The strategy is expected to entail less air travel, more ‘green meetings’ and e-conferences in order to catalyse a neutral climate. This goes along with introducing a wide range of efficiency measures across its global operations from cutting electricity and paper use in its offices, which is, without doubt, a first for the global leader in matters environment.
Between 2010 and 2012, UNEP is committing to reduce its greenhouse gas emissions by 3 per cent each year. Launching the new strategy, UN Under-Secretary General and UNEP Executive Director Achim Steiner said: “These are bold ambitions for any organisation with a workforce of over 1,000, offices across the world and a busy international calendar involving implementing projects and policies and working with governments and other partners across continents. But we have a responsibility to lead by example, and all UNEP staff are aware that becoming more sustainable today is the only way we can protect tomorrow—and if we can get this right it should generate economic savings too.”

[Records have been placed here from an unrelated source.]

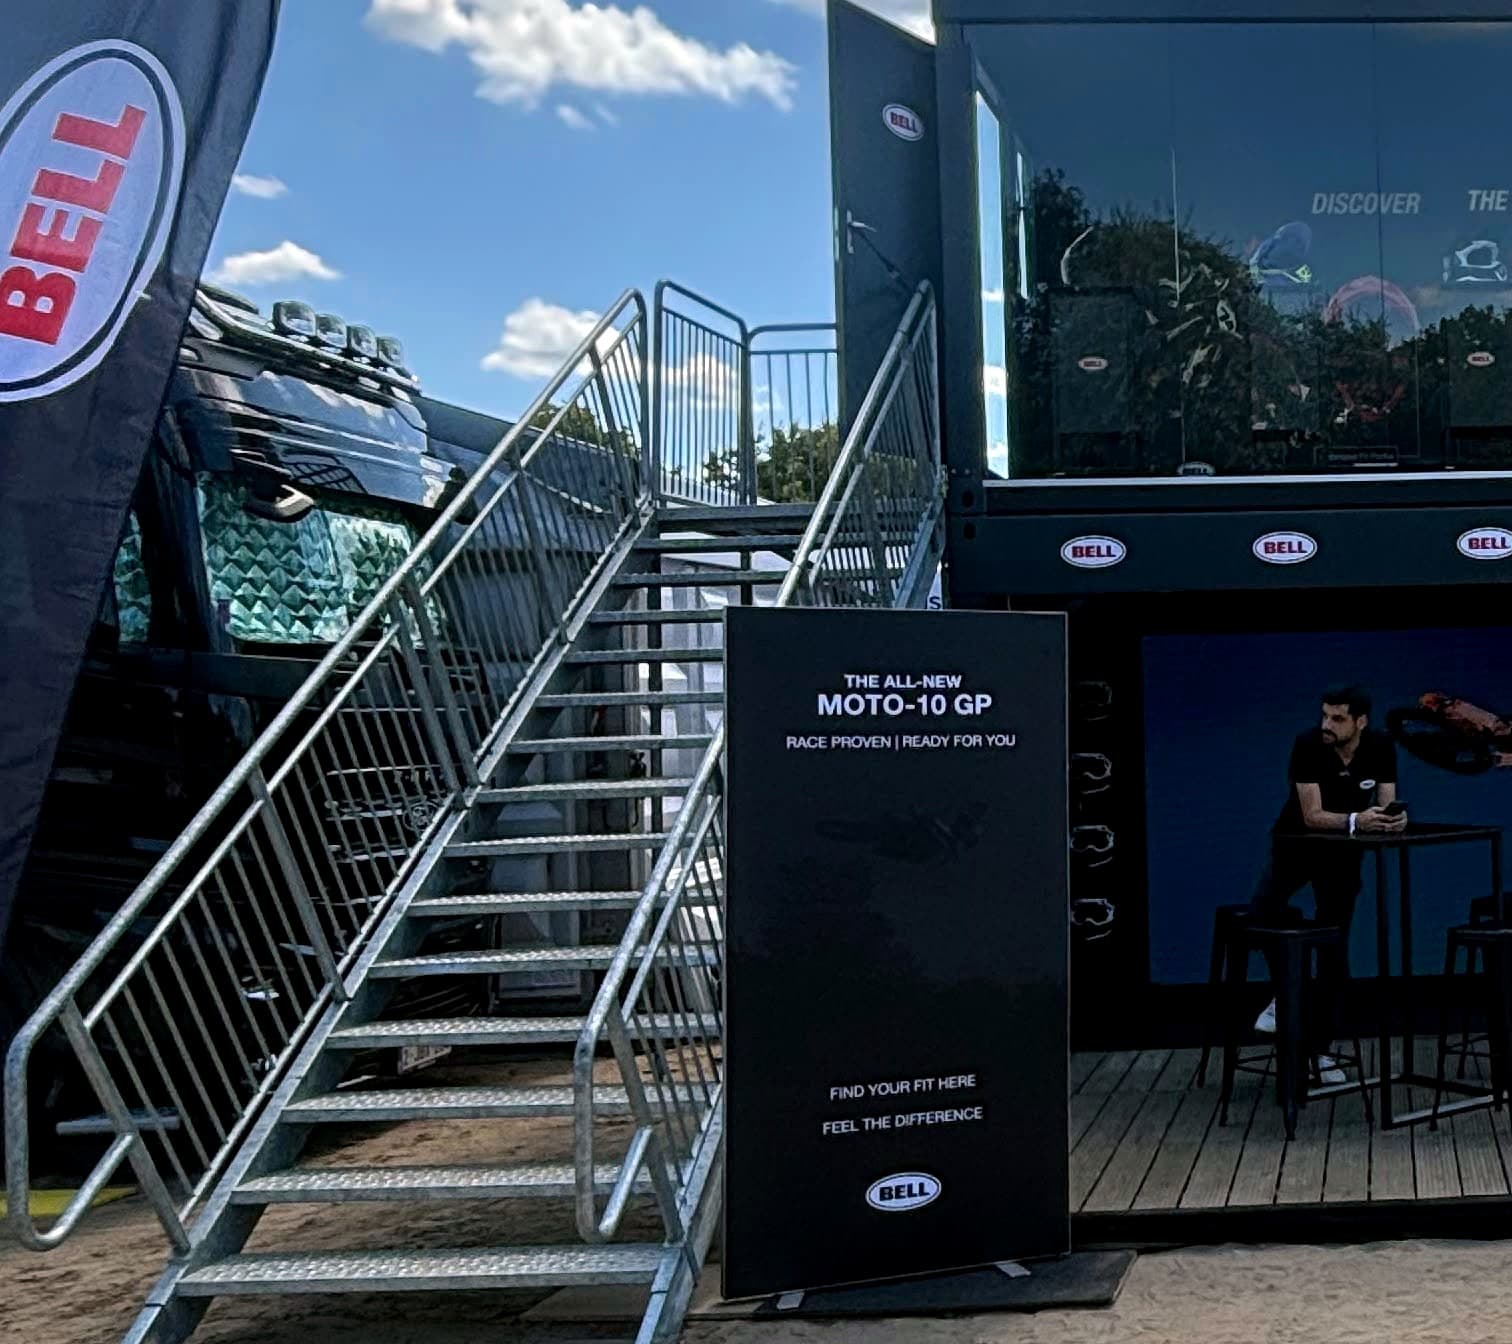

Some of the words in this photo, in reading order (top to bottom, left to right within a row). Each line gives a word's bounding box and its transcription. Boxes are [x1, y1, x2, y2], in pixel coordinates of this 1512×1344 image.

[890, 111, 918, 134] BELL
[1311, 192, 1421, 215] DISCOVER
[1467, 189, 1507, 212] THE
[0, 104, 147, 345] BELL
[1071, 544, 1117, 559] BELL
[1263, 539, 1308, 555] BELL
[1467, 535, 1511, 551] BELL
[844, 674, 880, 689] THE
[883, 674, 962, 689] ALL-NEW
[817, 693, 947, 716] MOTO-10
[953, 693, 993, 716] GP
[786, 736, 828, 750] RACE
[831, 735, 892, 749] PROVEN
[902, 734, 950, 749] READY
[953, 734, 983, 748] FOR
[985, 733, 1016, 747] YOU
[830, 1084, 865, 1102] FIND
[867, 1080, 911, 1098] YOUR
[913, 1077, 936, 1094] FIT
[938, 1074, 976, 1090] HERE
[822, 1117, 860, 1136] FEEL
[862, 1115, 892, 1131] THE
[895, 1106, 984, 1128] DIFFERENCE
[878, 1181, 931, 1202] BELL

He further stressed on the need to “lead by example” and provide a basis for raising awareness of similar organisations, governments, and the public as a whole. UNEP is determined to share methods that can be used by other organisations to reduce their own environmental and climate footprint, a first-rate endeavour in all respects.

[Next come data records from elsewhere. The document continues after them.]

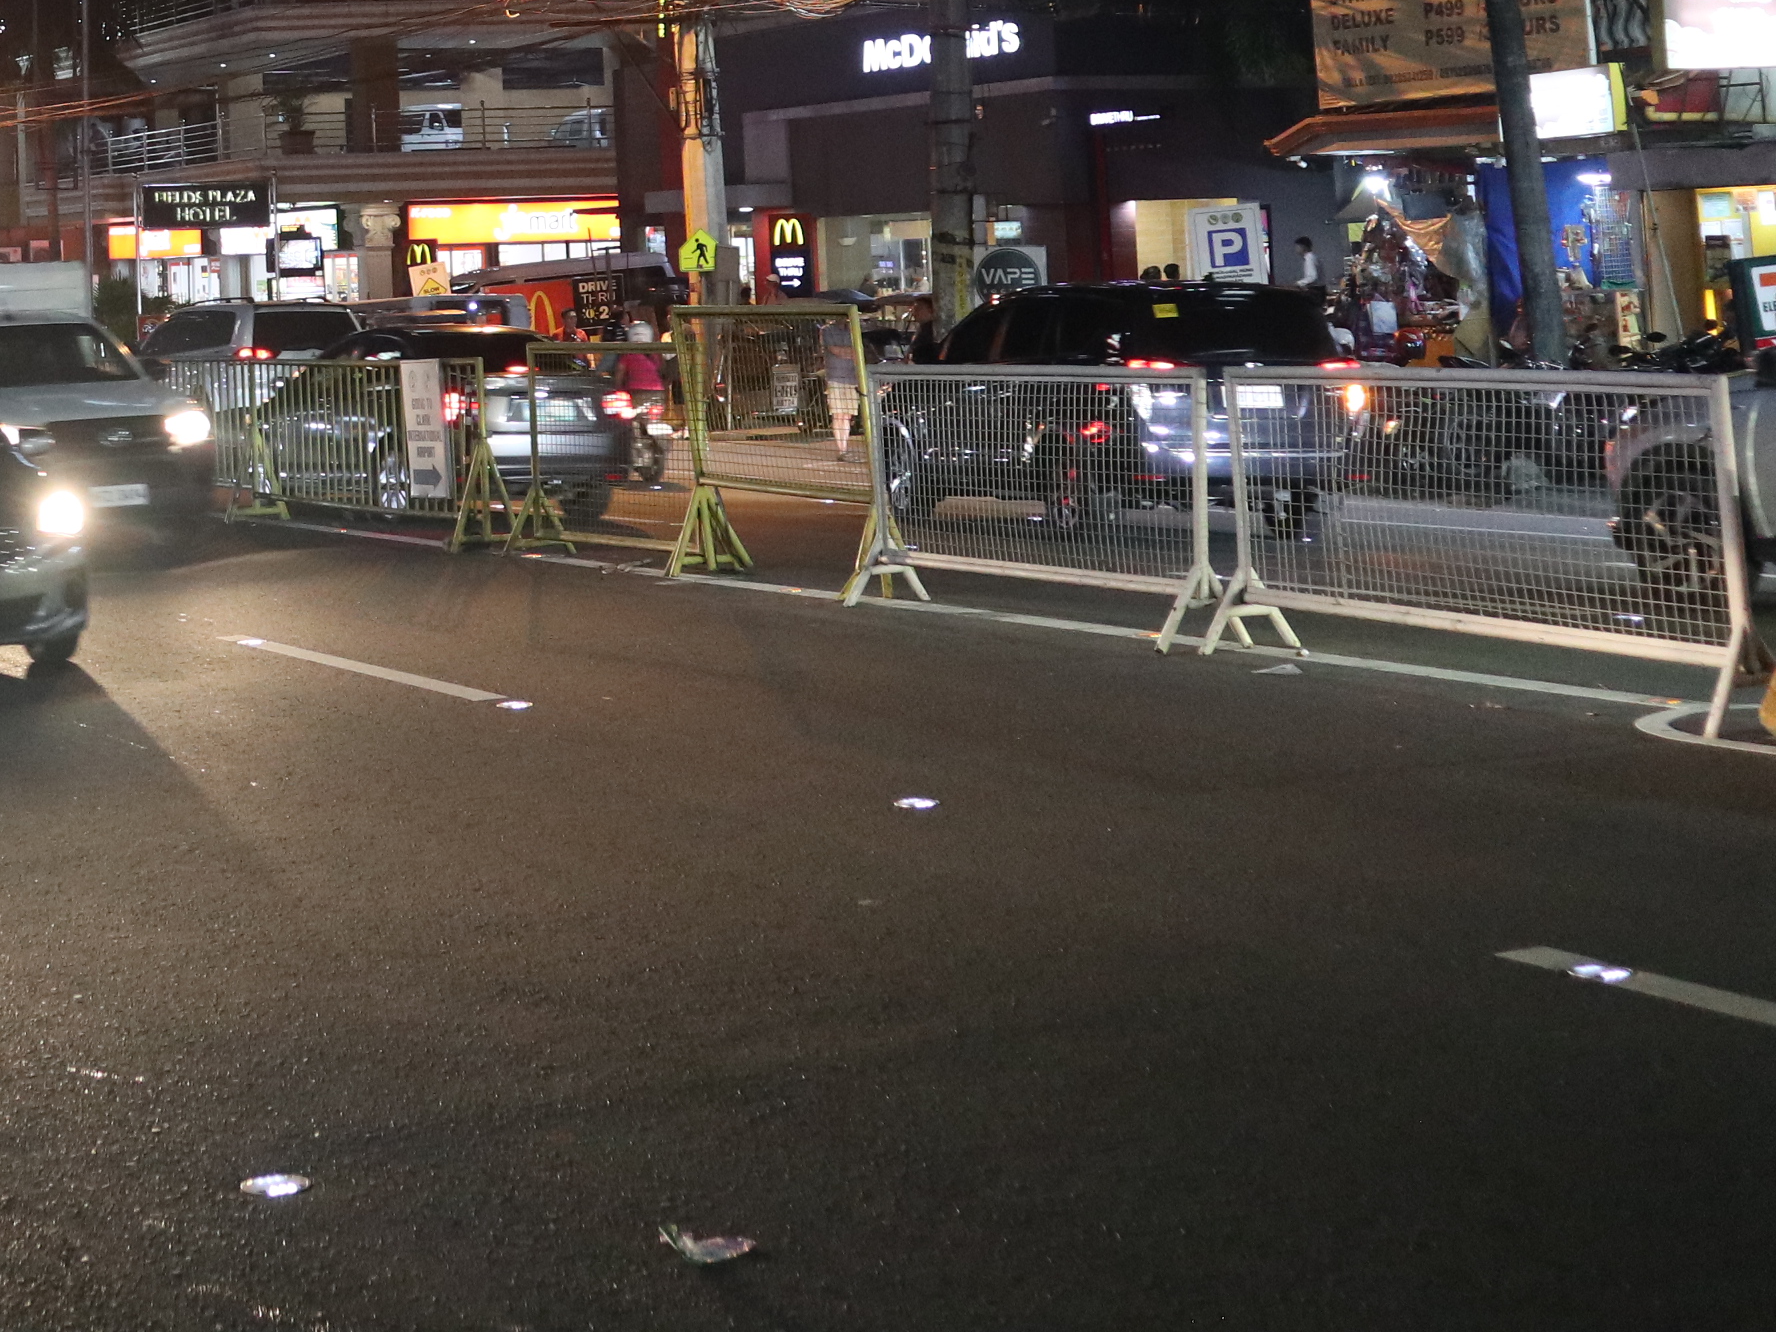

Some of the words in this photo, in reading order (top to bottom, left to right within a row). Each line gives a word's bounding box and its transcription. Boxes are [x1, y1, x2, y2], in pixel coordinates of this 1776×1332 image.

[1331, 7, 1395, 31] DELUXE
[1332, 34, 1390, 56] FAMILY
[1425, 26, 1466, 47] P599
[1523, 15, 1561, 36] URS
[154, 189, 205, 204] FIELDS
[208, 188, 257, 203] PLAZA
[176, 205, 237, 221] HOTEL
[1212, 231, 1244, 266] P
[775, 256, 806, 268] DRIVE
[777, 267, 804, 278] THRU
[980, 267, 1036, 285] VAPE
[423, 286, 441, 294] SLOW
[411, 397, 425, 410] GOING
[426, 397, 433, 410] TO
[415, 413, 432, 426] CLARK
[407, 429, 443, 442] INTERNATIONAL
[416, 446, 436, 458] AIRPORT

Achim also said that staff involvement would be key to the strategy’s success. “I am personally committed to seeing this strategy implemented, and will work closely with the senior management team to see that this happens.”
A key target area emphasised in the expected roll-out is work-related travel by UNEP employees. At present, it was revealed that air travel is responsible for over 85 per cent of UNEP’s carbon emissions. It is projected that more journeys will be undertaken by train and, in addition, there will be greater investment in e-conference technology.
UNEP will also establish an e-communication plan where all UNEP employees are provided with access to online communication tools and online meeting rooms. Implementing the mammoth efficiency measures could save the organisation an estimated US$ 800,000 per year.
Greenhouse gas emissions from UNEP’s offices due primarily to electricity use make up around 15 per cent of the organisation’s carbon footprint. It is recommended that in order to reduce workplace emissions, all UNEP offices with 10 or more staff members will undertake in-house greenhouse gas emission reduction audits based on the Sustainable United Nations (SUN) guide to climate friendly buildings and offices.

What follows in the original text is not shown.